April 12, 2011

Zócalo de Cuernavaca III

Una ofrenda de vida y muerte

Del zócalo de Cuernavaca salieron mis mejores amigos y los mejores años de nuestras vidas. Ahí bailábamos dos veces por semana con cacahuates en los tobillos -como les gustaba decir a los que se burlaban de nosotras- alrededor de flores y copal. Ahí organizamos una escuela donde los niños de la calle no nos dejaron enseñarles un carajo y nos sentaron con ellos a dibujar y hacer monitos de barro. Ahí editamos una revista y publicamos las viñetas, poemas, cuentos y fotos de los que nos sentábamos toda la tarde en las escaleras del Morelotes o las sillas de Los Arcos. De ahí salió la caravana que inauguró los murales que por todo el centro de la ciudad pintaron otras decenas de personas, convocados por teatreros y pintores que consiguieron los permisos y la pintura. Había viejitos que bailaban danzón los domingos y niños con triciclos y botes de hacer burbujas. De ahí mismo, del zócalo de Cuernavaca, salía la vida.

Después nos fuimos y después no supe. Un día el zócalo se volvió el lugar del arbolito navideño de Coca-Cola, de los "domingos culturales" organizados por el gobierno municipal que hacían propaganda para los políticos en turno con mujeres bailando cumbia en minifalda.

Quince años después ahí mismo se tienden flores para los muertos.

April 08, 2011

Zócalo de Cuernavaca II

Un nombre único

Ponerle un apodo a alguien es ejercer el derecho inalienable de todo mexicano de llamar a la gente, no como dicte el registro civil, sino como a uno le dé la gana. A diferencia de los nombres de pila, los apodos son metáforas de quienes los cargan. Qué nombres más impersonales son "Jorge" o "Francisco". Quién podría no recordar, en cambio, "Trébol", "Taco", "Tembo", "Totol". El que no tenía apodo era porque tenía de por sí un nombre o apellido tan poco común, que no necesitaba uno: Kristos, Yohanan, Camilo, Gabina, Galo, Gally. El Frijol hizo inscribir así su nombre en la credencial de elector, y jamás hubiera volteado si alguien lo llamaba "Guillermo".

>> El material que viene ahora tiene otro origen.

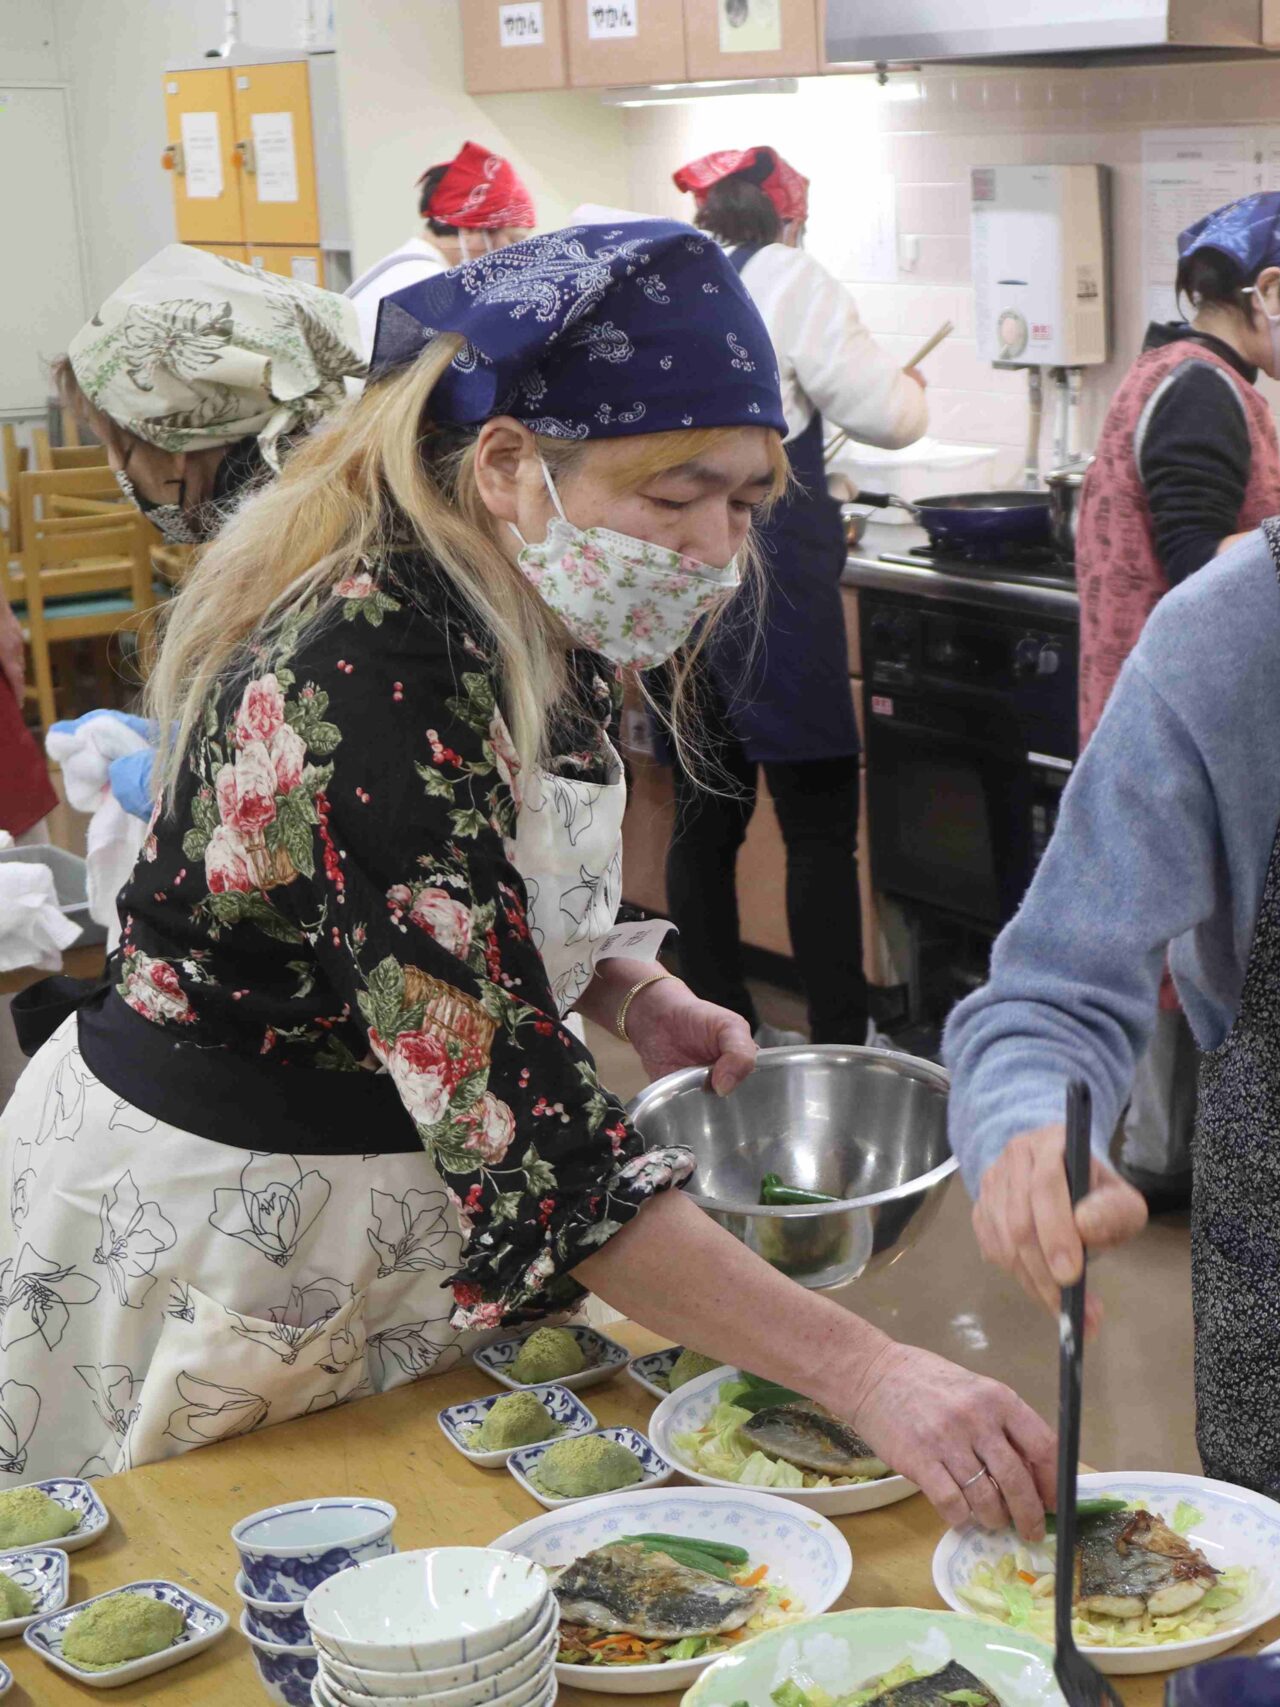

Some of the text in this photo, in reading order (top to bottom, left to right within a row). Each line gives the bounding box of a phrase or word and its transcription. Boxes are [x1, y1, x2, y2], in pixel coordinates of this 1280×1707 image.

Los apodos los ponían los amigos por joder, pero también por hacernos un signo recordable, como un retrato de una sola palabra. No los elegían -como ahora- los periodistas de nota roja en su afán de mandar nuestra cara a la fosa común de los nombres.

April 07, 2011

Zócalo de Cuernavaca I

Uno se fue porque quiso

En un mal día llegábamos a ser cuarenta. Si era viernes y había tocada, se duplicaba o triplicaba el número. Teníamos entre catorce y ventitantos años. Si bien no todos eran amigos de todos, cada uno conocía bien al resto, aunque fuera por oídas. Había un código estricto de no consumir drogas ni alcohol en la plaza, porque no estábamos dispuestos a cedérsela así como así a la policía. Por lo demás, nos gustaba el alcohol, nos gustaba la mariguana, nos gustaban las patinetas y el grunge y el metal, nos gustaba la música de protesta y los huipiles, nos gustaban los malabares y el reggae, nos gustaban la literatura y las revistas porno, nos gustaban los museos y el grafitti, nos gustaba la vida, nos gustaba mucho, mucho la vida. 

Nunca faltó alguno que, no por desprecio a la vida, sino por la desesperación de sacudirse un dolor que no lo dejaba sentirla, se quiso colgar de una viga. Lo lloramos, y en el fondo de nuestro corazón lo regañamos -Pinche Chucho, cómo fuiste a dejar que te encontrara así tu papá. Qué terrible mañana le diste y luego de eso, qué vida miserable lo dejaste viviendo. Eso no se hace, Chucho, dondequiera que estés, no se hace.